Jelas sekali mereka mempermainkan saya.
Julius menutup mulutnya dengan tangan, berusaha keras menahan tawa. “Pfft,” katanya. “Tidaklah modis untuk memiliki kompleks saudara perempuan, Kakak Ipar. Jadi mengapa tidak mengungkapkannya dalam hatimu untuk merayakan kepergian saudara perempuanmu?”
“Graaaaaah!” teriakku, suaraku bergema. Aku mengepalkan tangan dan mengayunkannya tepat ke wajah Julius, membuatnya terlempar ke belakang.

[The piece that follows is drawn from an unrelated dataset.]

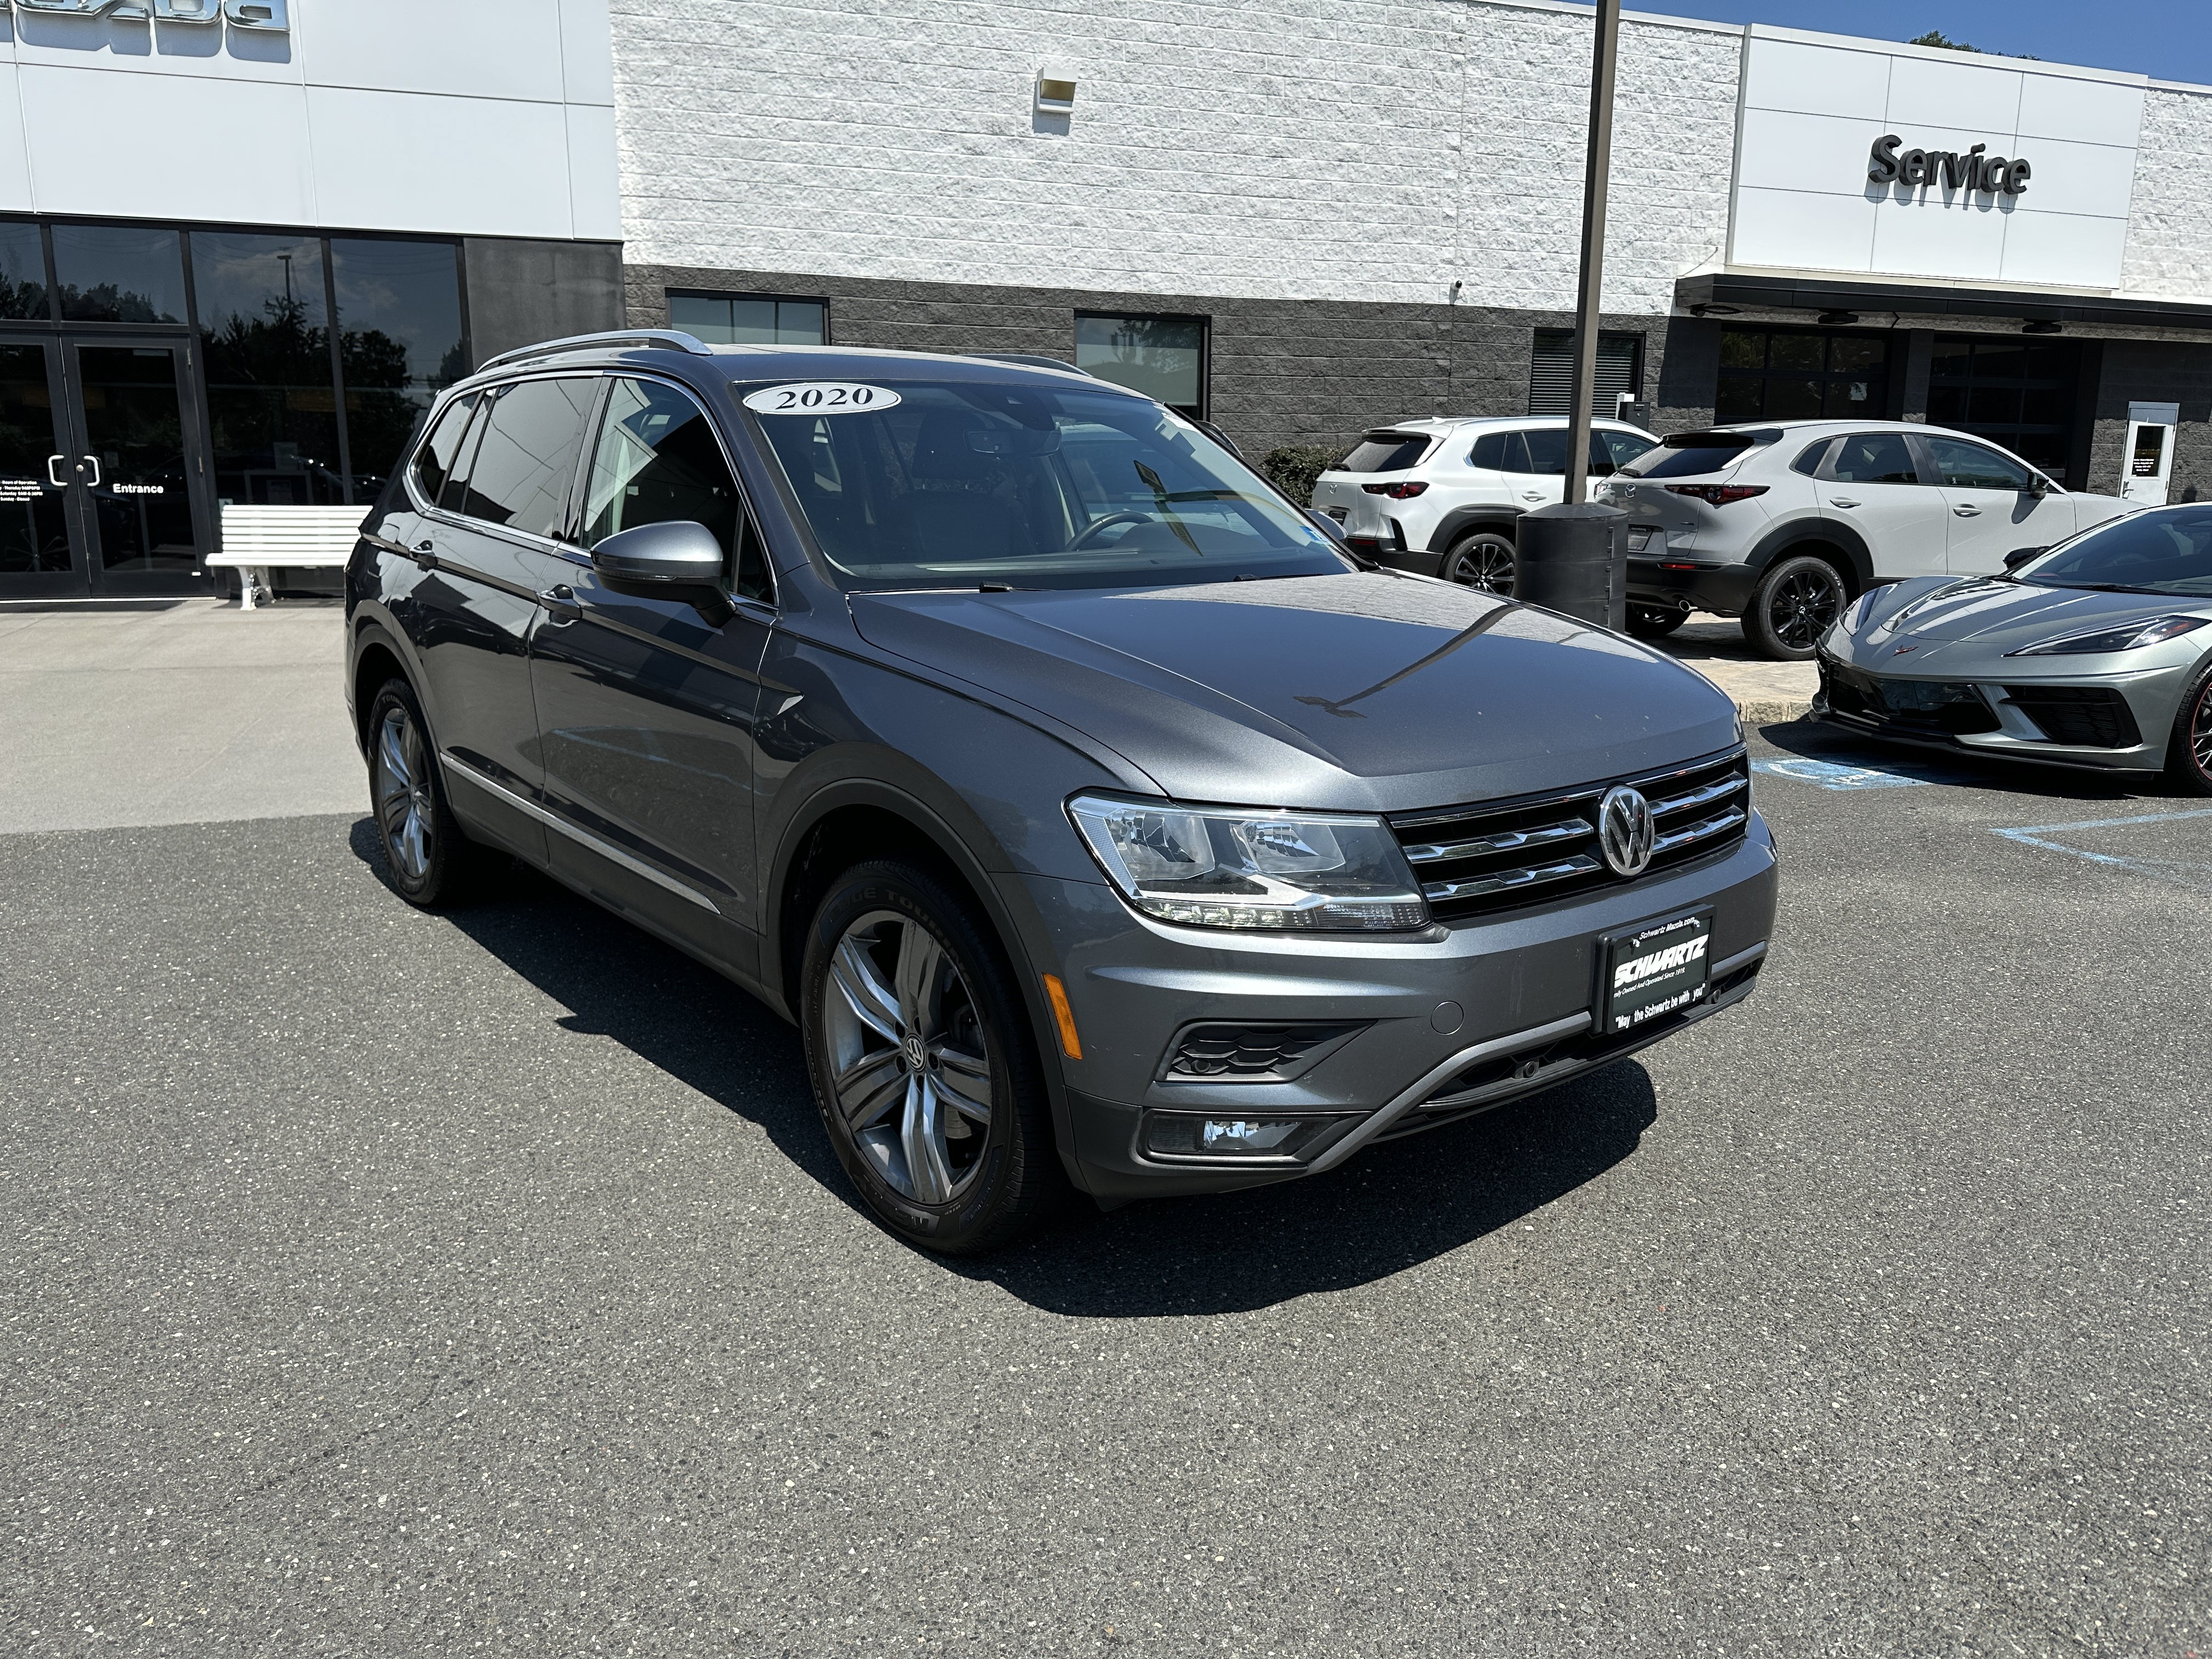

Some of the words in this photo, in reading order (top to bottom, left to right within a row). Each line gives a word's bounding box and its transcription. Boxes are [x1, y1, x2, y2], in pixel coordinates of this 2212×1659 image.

Ketika akhirnya ia berdiri, ia berteriak, “Kau seharusnya tidak menggunakan kekerasan hanya karena kami memanggilmu saudara ipar kami! Untuk lebih jelasnya, hubungan kami dengan saudara perempuanmu jauh lebih murni daripada hubungan yang kau ngotot pertahankan dengan ibuku ! ”

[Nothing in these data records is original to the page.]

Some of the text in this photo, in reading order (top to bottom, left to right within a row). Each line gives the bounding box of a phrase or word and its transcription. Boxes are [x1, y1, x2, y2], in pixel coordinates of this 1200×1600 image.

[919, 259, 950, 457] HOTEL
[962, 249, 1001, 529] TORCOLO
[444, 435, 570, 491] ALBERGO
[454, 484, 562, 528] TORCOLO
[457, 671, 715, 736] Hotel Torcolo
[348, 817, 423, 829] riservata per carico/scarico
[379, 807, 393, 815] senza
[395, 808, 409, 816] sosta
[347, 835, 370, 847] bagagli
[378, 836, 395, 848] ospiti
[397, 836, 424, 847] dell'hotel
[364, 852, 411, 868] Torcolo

Dia melemparkan dirinya ke arahku, dan kami berdua berkelahi sambil terus bertengkar.
“Nona Mylene adalah kisah yang benar-benar berbeda!”
“Tidak, dia tidak!”
Keempat orang lainnya, yang jengkel dengan pertengkaran kami, memberi kami jarak yang lebar.
“Apa pun yang kau katakan atau lakukan takkan membuatku mengizinkanmu memanggilku ‘Kakak Ipar’!” teriakku sekeras-kerasnya.
Luxion melayang di udara dari kejauhan. “Mengingat Marie adalah saudara perempuanmu di kehidupan lampau, dan bereinkarnasi di sini, aku tidak melihat masalah dengan mereka yang menyebutmu sebagai saudara ipar mereka,” katanya, suaranya seakan bergema. “Kau keras kepala, Tuan. Tidak ada alasan untuk tidak bersikap fleksibel dan membuat konsesi kecil ini.”
“’Kecil,’ dasar! Aku tidak mau mereka memanggilku ‘Kakak Ipar,’ titik!”
“Apakah itu berarti kamu menganggap mereka tidak mampu menjaga Marie?” tanyanya.
“Tidak,” akuku. “Kurasa mereka bisa. Maksudku, selama dia dan mereka baik-baik saja dengan dinamika mereka, maka… Ya, tentu saja.”
Bagaimanapun juga, itu adalah harem terbalik. Satu wanita dengan lima pria. Aku tidak begitu memahaminya, tetapi itu bukan urusanku jika mereka semua senang dengan itu.
Julius tersipu. “Wah. Kau sangat pengertian, Kakak Ipar.”
Keempat orang lainnya pun menyeringai padaku.
Lihat, inilah mengapa aku membenci isi perut mereka.